At page 302 of Steve Brusatte’s The Rise and Fall of the Dinosaurs he mentions that the rate of evolution for birds was `much faster than their dinosaur ancestors and cousins’.

In a simplistic application of dimensional capacity (discussed in various articles in my RG project, The principle of dimensional capacity), all other things being equal, one would expect that animals evolving in 3 dimensional space would evolve 50% faster than those evolving confined to the Earth’s surface, on the plain. With 50% more dimensions, energy has 50% more ways to be distributed.

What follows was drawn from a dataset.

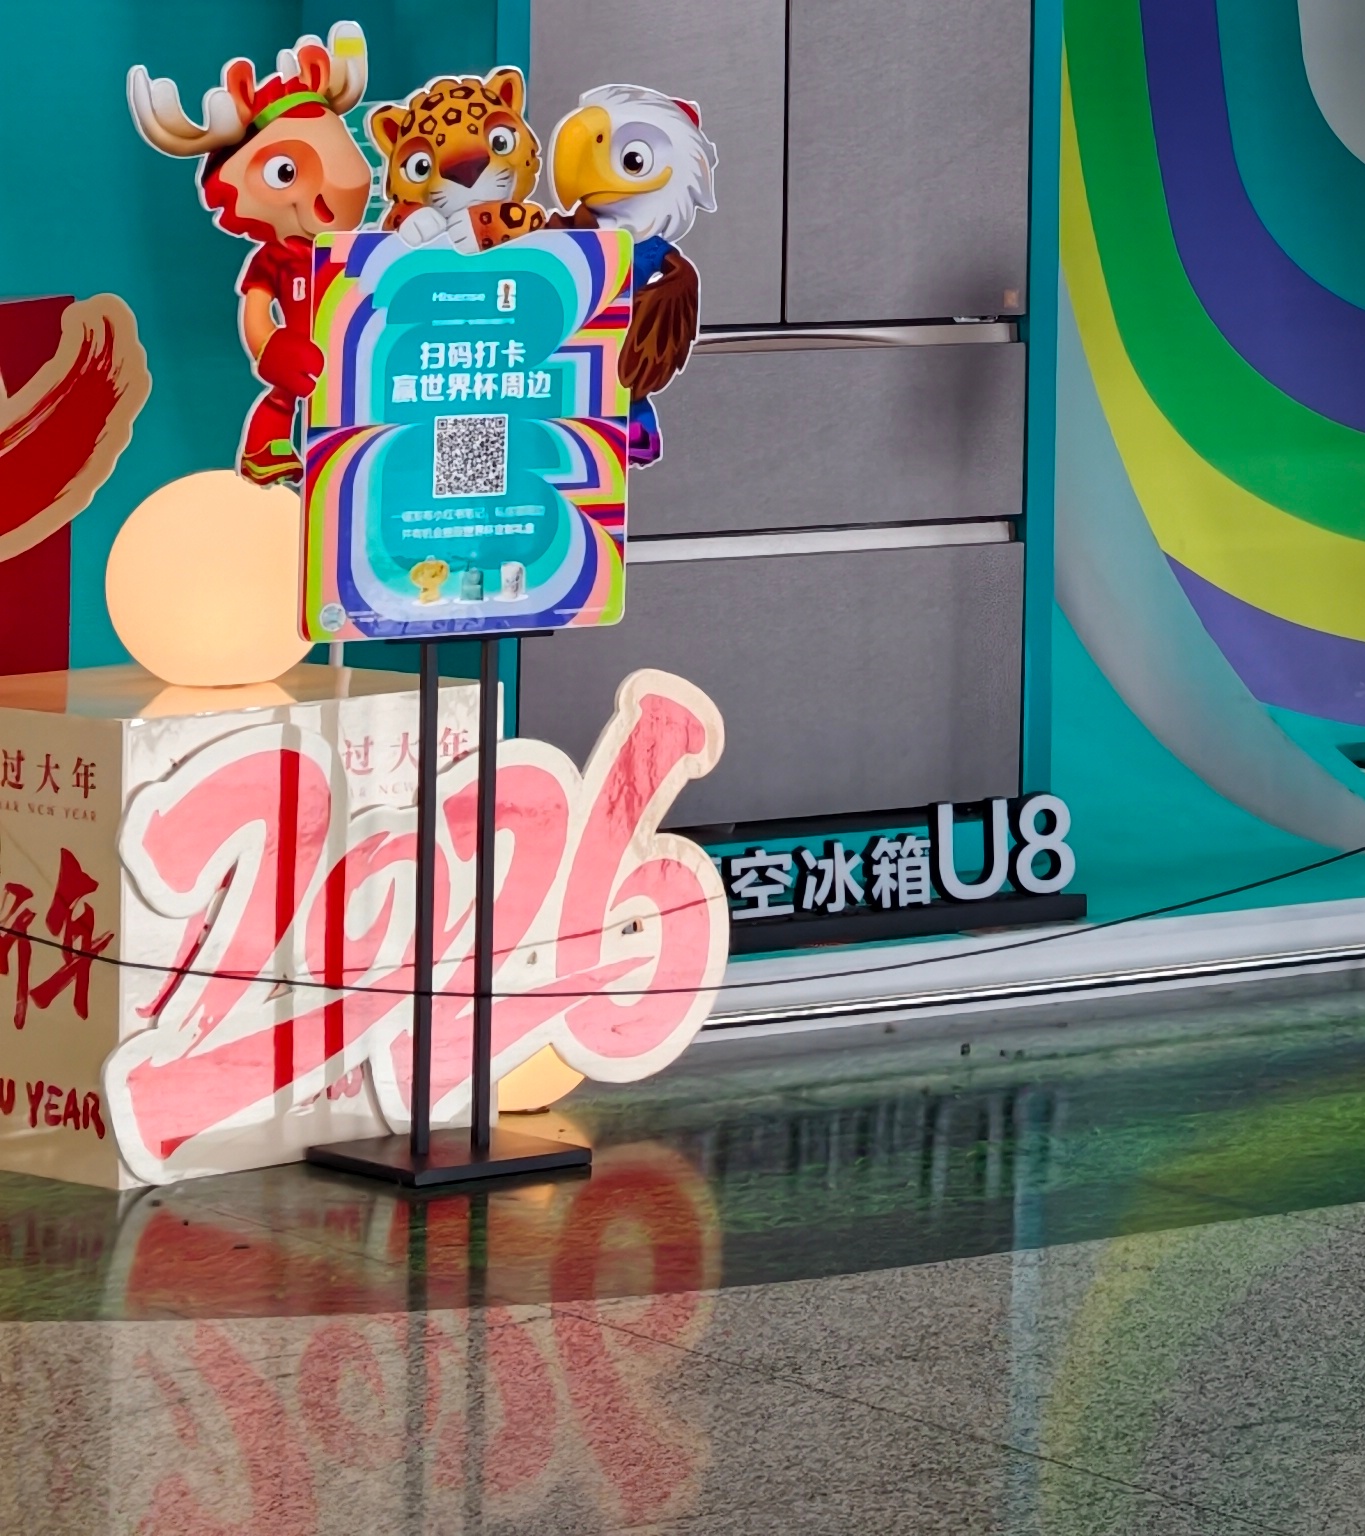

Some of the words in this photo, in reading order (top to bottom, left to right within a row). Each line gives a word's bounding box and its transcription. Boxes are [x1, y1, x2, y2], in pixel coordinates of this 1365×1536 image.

Articles that appear to discuss the rate of bird evolution include: (1) Gradual assembly of avian body plan culminated in rapid rates of evolution across the dinosaur-bird transition in Current Biology (2014, Brusatte is one of the authors); (2) Ksepka Evolution a rapid flight towards birds (2014); (3) Sustained miniaturization and anatomical innovation in the dinosaurian ancestors of birds in Science (2014). The 2014 Science article (Lee, Cau, Naish, Dyke) mentions an average rate `four times as fast as the unweighted average branch rate across the entire tree’ (p. 564). I am not sure how to interpret that statement, as there may be qualifiers.

These questions (among others) arise: Does the principle of dimensional capacity play a role in the different rates of evolution? If birds evolve 4 times faster, and if dimensional capacity plays a role, what other additional degrees of freedom affect the rate of evolution of birds?